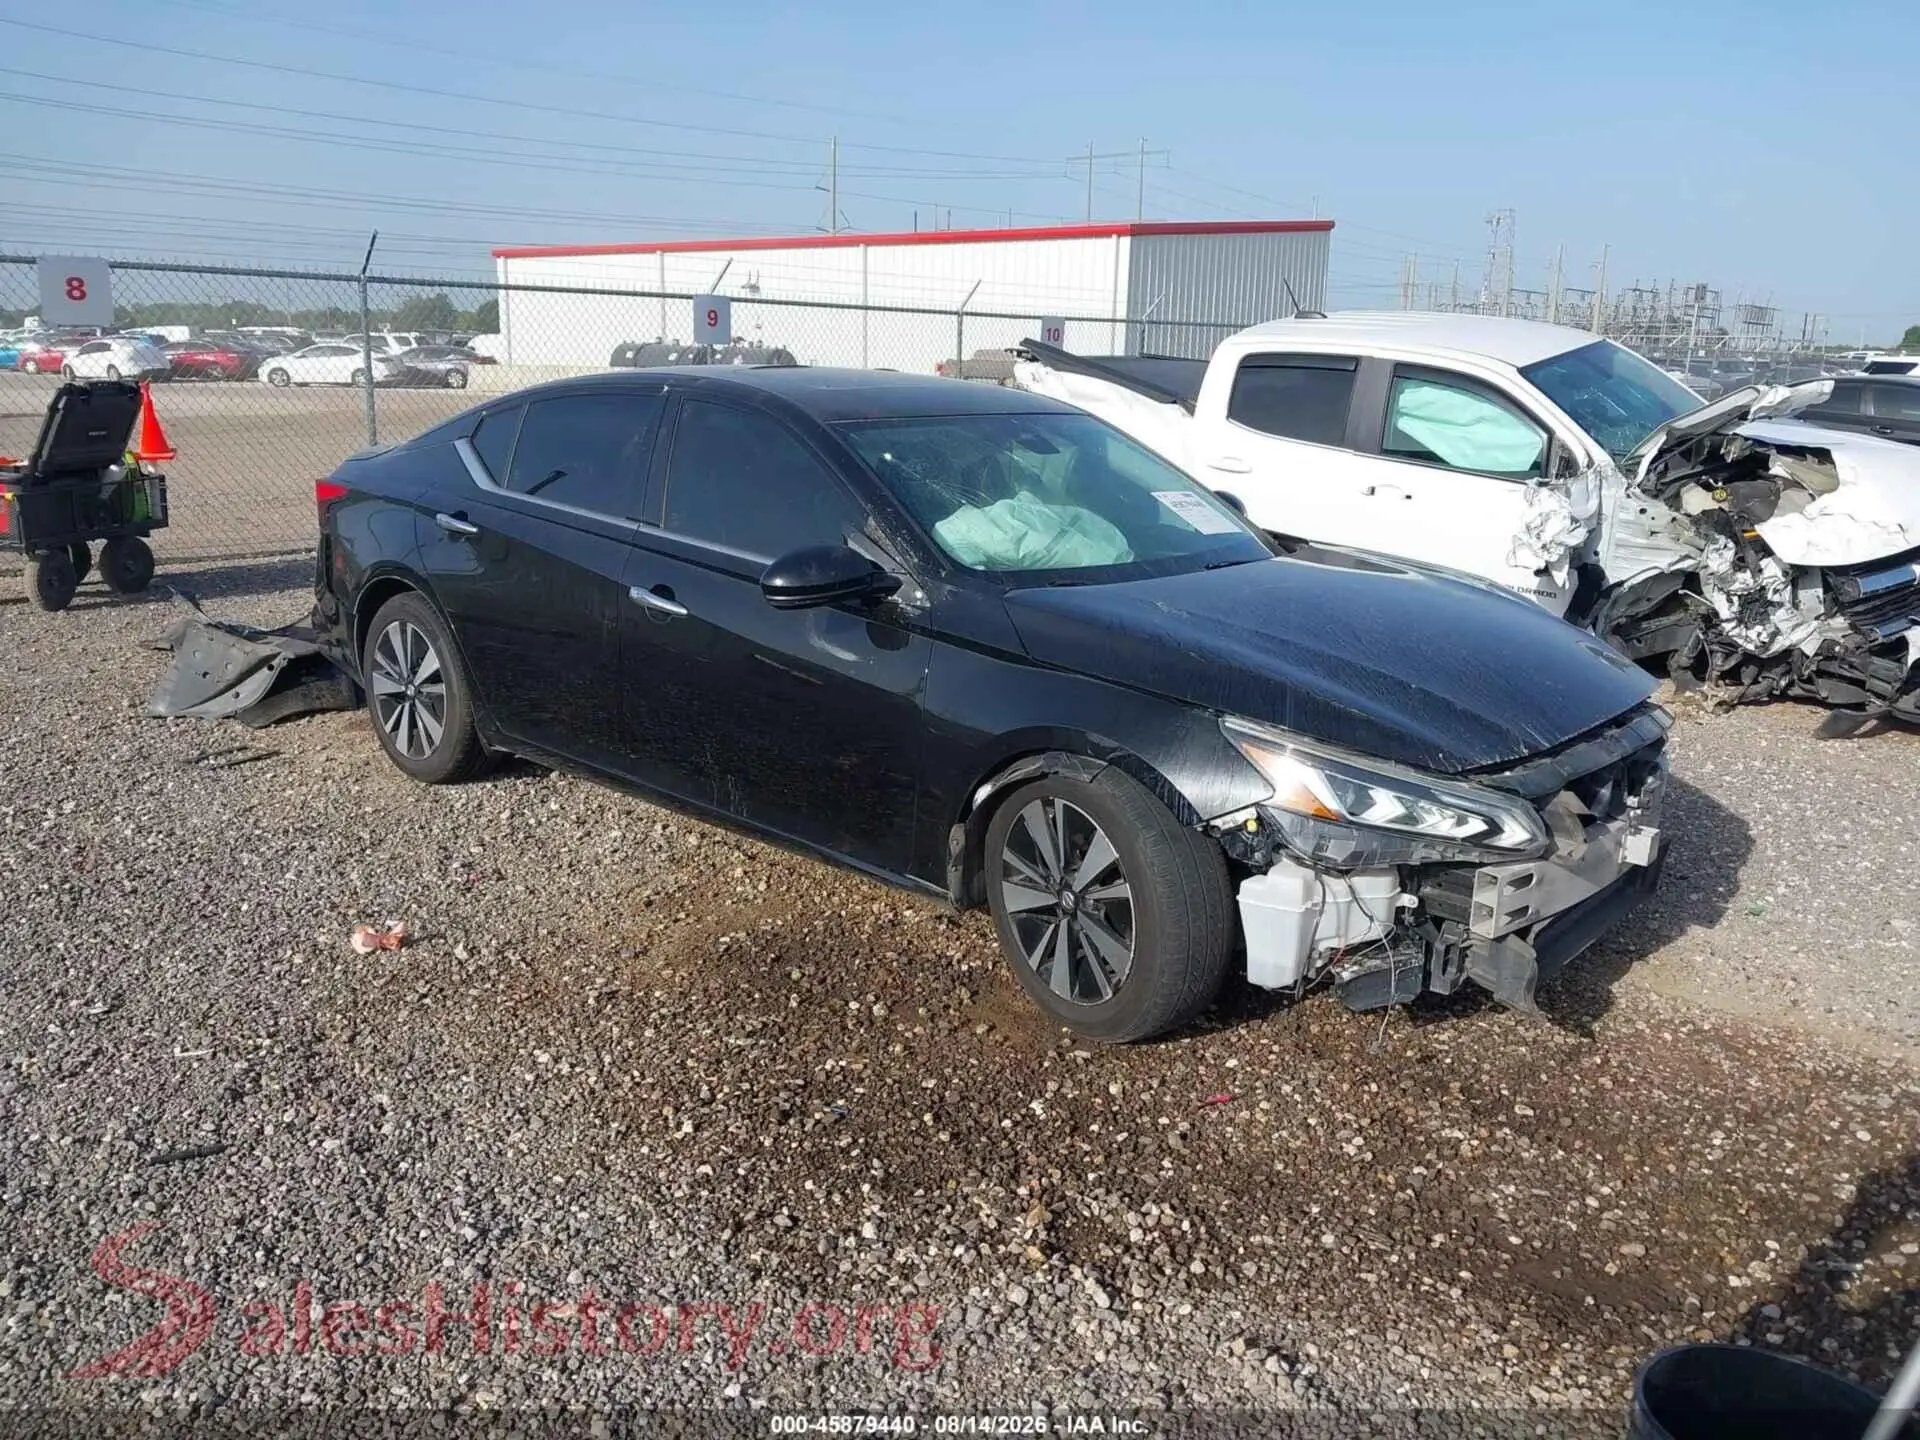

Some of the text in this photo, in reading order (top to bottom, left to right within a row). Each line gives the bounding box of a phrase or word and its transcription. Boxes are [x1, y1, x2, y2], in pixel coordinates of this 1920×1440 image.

[65, 276, 87, 301] 8
[707, 309, 719, 328] 9
[1046, 327, 1060, 342] 10
[1503, 584, 1558, 599] ORADO

+---+

=== EXERCISE BRIEF ===
The copy must match the listing above exactly but contain no pictures.

=== RESPONSE ===
Some of the text in this photo, in reading order (top to bottom, left to right within a row). Each line gives the bounding box of a phrase or word and its transcription. Boxes are [x1, y1, x2, y2], in pixel coordinates of this 1920×1440 image.

[65, 276, 87, 301] 8
[707, 309, 719, 328] 9
[1046, 327, 1060, 342] 10
[1503, 584, 1558, 599] ORADO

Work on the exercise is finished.